One of Manet's most significant works is "Luncheon on the Grass," which depicts a nude model in the presence of two men. This piece provoked and offended the critics of the time who claimed it was pornographic and immoral.
The Salon, one of the most influential galleries in Paris at the time, refused to exhibit the work, but it proved to be one of the pivotal works of art in the Salon des Refuges, a gallery whose specific reason for existence was to display the rejected works of leading artists. Many of the young Impressionists of the time followed Manet's lead and broke away from the traditional artistic styles of the past. This trend eventually served as the basis for modern art.
Marc Chagall (1887–1985), born in Belarus to a Hassidic family, began his education at a traditional Jewish school in Vitebsk. After studying with a local artist for several years, the artist moved to St. Petersberg in 1907 and continued his studies at the Zvantseva School.
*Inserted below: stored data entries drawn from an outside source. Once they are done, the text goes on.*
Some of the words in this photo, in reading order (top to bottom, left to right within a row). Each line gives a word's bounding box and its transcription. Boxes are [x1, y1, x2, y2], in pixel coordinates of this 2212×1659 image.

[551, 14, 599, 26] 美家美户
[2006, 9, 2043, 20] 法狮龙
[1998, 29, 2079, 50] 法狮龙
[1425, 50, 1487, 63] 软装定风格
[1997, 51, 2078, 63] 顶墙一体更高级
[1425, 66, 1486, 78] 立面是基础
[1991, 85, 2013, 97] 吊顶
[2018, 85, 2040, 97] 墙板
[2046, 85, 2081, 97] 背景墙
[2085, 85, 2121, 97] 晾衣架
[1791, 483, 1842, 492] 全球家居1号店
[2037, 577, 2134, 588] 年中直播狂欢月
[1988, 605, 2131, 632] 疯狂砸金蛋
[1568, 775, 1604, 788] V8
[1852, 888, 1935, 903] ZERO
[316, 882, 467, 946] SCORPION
Chagall moved to Paris in 1910 and his inventive imagery won immediate recognition in the city's avant-garde circles. Here he began to assimilate cubist characteristics into his expressionistic style. He is considered a forerunner of surrealism.
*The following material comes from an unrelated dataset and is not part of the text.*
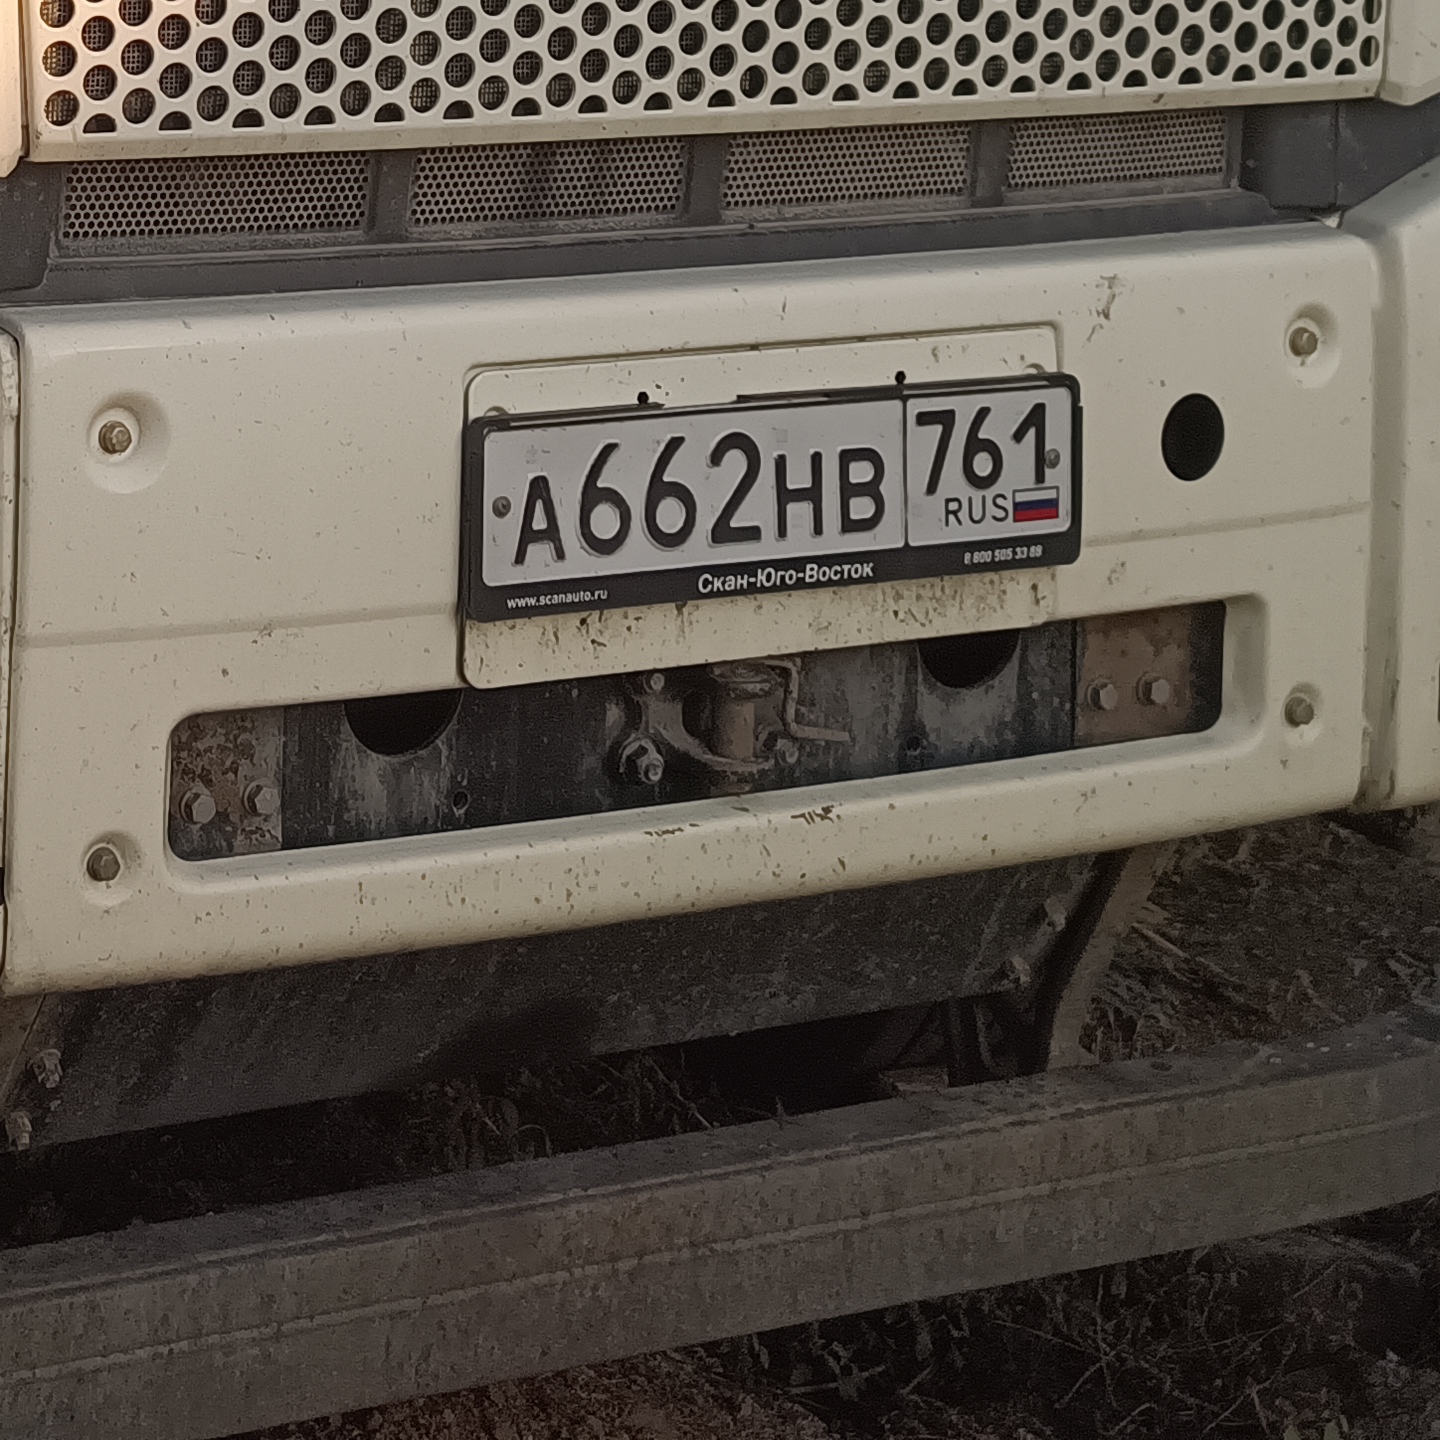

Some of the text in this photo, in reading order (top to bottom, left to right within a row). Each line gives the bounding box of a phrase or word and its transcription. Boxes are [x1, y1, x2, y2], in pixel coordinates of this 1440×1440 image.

[915, 402, 1046, 496] 761
[943, 493, 1009, 527] RUS
[697, 562, 874, 594] Скан-Юго-Восток
[507, 588, 609, 609] www.scanauto.ru
The artist returned to Belarus in 1915 where his support of the Bolshevik Revolution led to his appointment as Commissar for the Arts in Vitebsk in 1918. During his tenure, Chagall founded an art school and museum but, disillusioned with the political environment of Russia, he returned to Paris in 1922, where where he spent most of his life.
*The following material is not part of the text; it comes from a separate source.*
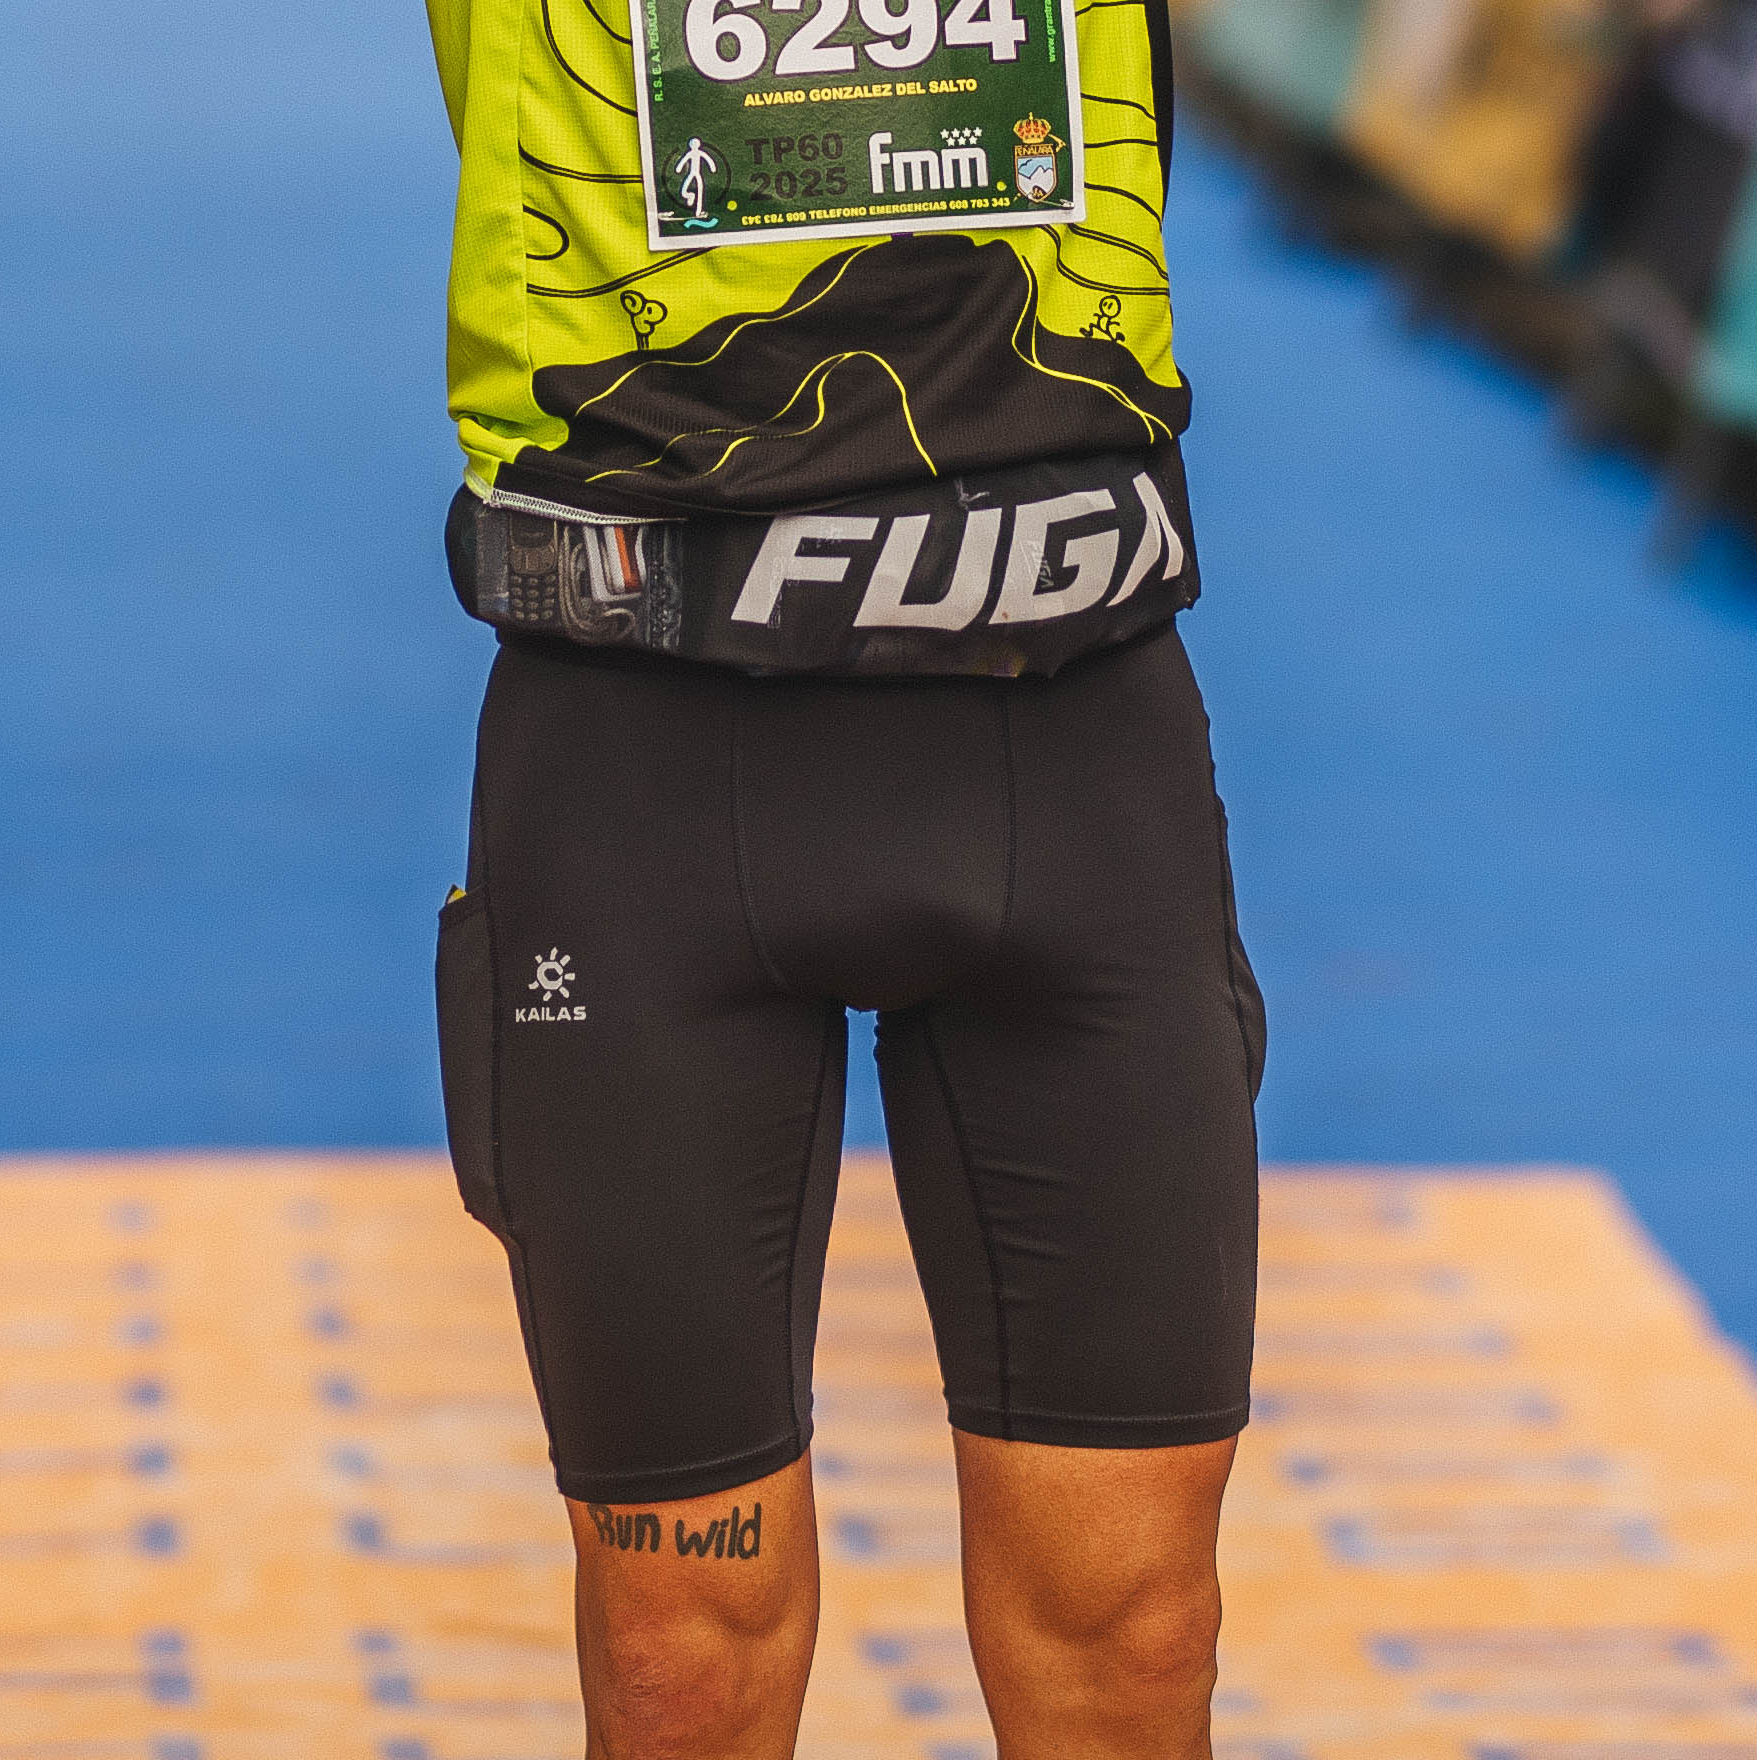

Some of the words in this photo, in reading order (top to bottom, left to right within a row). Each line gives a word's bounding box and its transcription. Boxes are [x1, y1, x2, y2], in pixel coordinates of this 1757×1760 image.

He designed the sets and costumes for Stravinsky's ballet Firebird (1945). Chagall's twelve stained-glass windows, symbolizing the tribes of Israel, were exhibited in Paris and New York City before being installed (1962) in the Hadassah-Hebrew Univ. Medical Center synagogue in Jerusalem. His two vast murals for New York's Metropolitan Opera House, treating symbolically the sources and the triumph of music, were installed in 1966. Much of Chagall's work is rendered with an extraordinary formal inventiveness and a deceptive fairy-tale naïveté. Chagall illustrated numerous books, including Gogol's Dead Souls, La Fontaine's Fables, and Illustrations for the Bible (1956). A prolific artist and dazzling colorist, Chagall's vast oeuvre of both religious and secular subjects has gained worldwide recognition. A museum of his work opened in Nice in 1973. His name is also spelled Shagall.